En el caso del indicador de la población que practica deporte al menos tres veces por semana, solo un 15% de la población se ejercita en ese periodo. La referencia internacional es de un 48% y la meta para Chile es llegar al 20%.

Sobre el porcentaje de la población con sobrepeso u obesidad, esta cifra alcanza un 74%. La referencia OCDE es de un 54% y la meta para Chile es diminuir a un 70%.

La población que pertenece a un sistema de aseguramiento de salud llega a un 95,20% y la meta es aumentar a un 97%. En tanto, un 40% de la población padece una condición crónica de salud y la meta es poder reducirla a un 38%.

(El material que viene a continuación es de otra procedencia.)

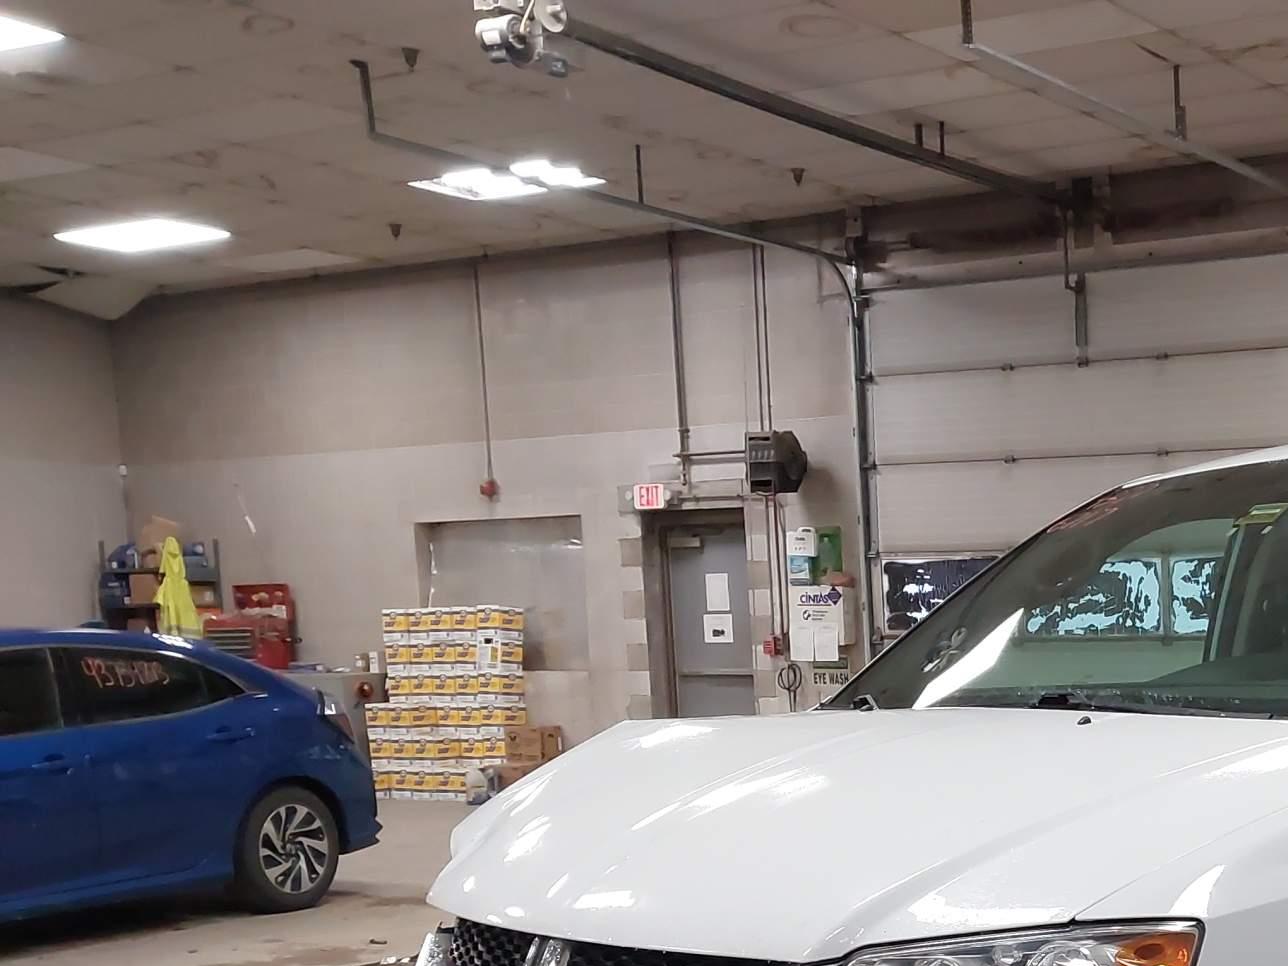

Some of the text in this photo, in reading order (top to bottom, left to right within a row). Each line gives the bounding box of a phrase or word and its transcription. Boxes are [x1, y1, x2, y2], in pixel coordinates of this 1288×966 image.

[640, 486, 659, 506] EXIT
[813, 672, 849, 685] EYE WASH

En el caso de la dimensión utilización de servicios de salud, se establecieron los siguientes indicadores: Índice de concentración de uso de servicios de especialista de salud por quintil de ingreso; índice de concentración de uso de servicios de consulta médica por quintil de ingreso; porcentaje de personas que tuvieron problema de salud y no accedieron a atención médica por motivos ajenos; porcentaje de personas que no tuvieron acceso a medicación recetada, debido a altos costos; y porcentaje de personas que no tuvieron acceso a medicación recetada, debido a su no disponibilidad.

Sobre el porcentaje de la población que no tuvo acceso a medicación recetada debido a altos costos, desglosado por en quintil –en donde el primer quintil es el que tiene menos ingresos y el quinto más–, un 6.1% de las personas con menos ingresos en el país no obtuvo acceso. La meta es reducir la brecha a un 5,7%.

Para el caso de la población, desglosado por quintil y región, que no tuvo acceso a medicación recetada, debido a la no disponibilidad, un 5,8% de las personas con menos ingresos en el país de la II Región no obtuvo acceso. La meta es reducir la brecha a un 5,5%.

Por último, en la dimensión satisfacción del usuario, se proponen como indicadores el porcentaje de usuarios que perciben como “Justo” o “Muy justo” el valor que pagan en su sistema de previsión de salud; el porcentaje de usuarios que califican como “Muy buena” o “Buena” la comunicación médico-paciente, usualmente recibida en el último año; porcentaje de usuarios que se encuentran insatisfechos con la duración de sus consultas médicas en el último año; porcentaje de usuarios que señalan recibir buena atención siempre o usualmente, por parte de los médicos tratantes; y el porcentaje de usuarios que regresarían al lugar de atención.

Sobre el porcentaje de usuarios que perciben como “Justo” o “Muy justo” el valor que pagan en su sistema de previsión de salud, por tipo de aseguramiento, un 54% de quienes pertenecen a Fonasa lo considera de esa manera; mientras que un 24% de los asegurados en Isapre lo estima. La meta es llegar a un 58% y 30%, respectivamente. En tanto, un 79% de los usuarios señalan recibir buena atención siempre o usualmente, por parte de los médicos tratantes. La meta es llegar a un 83%.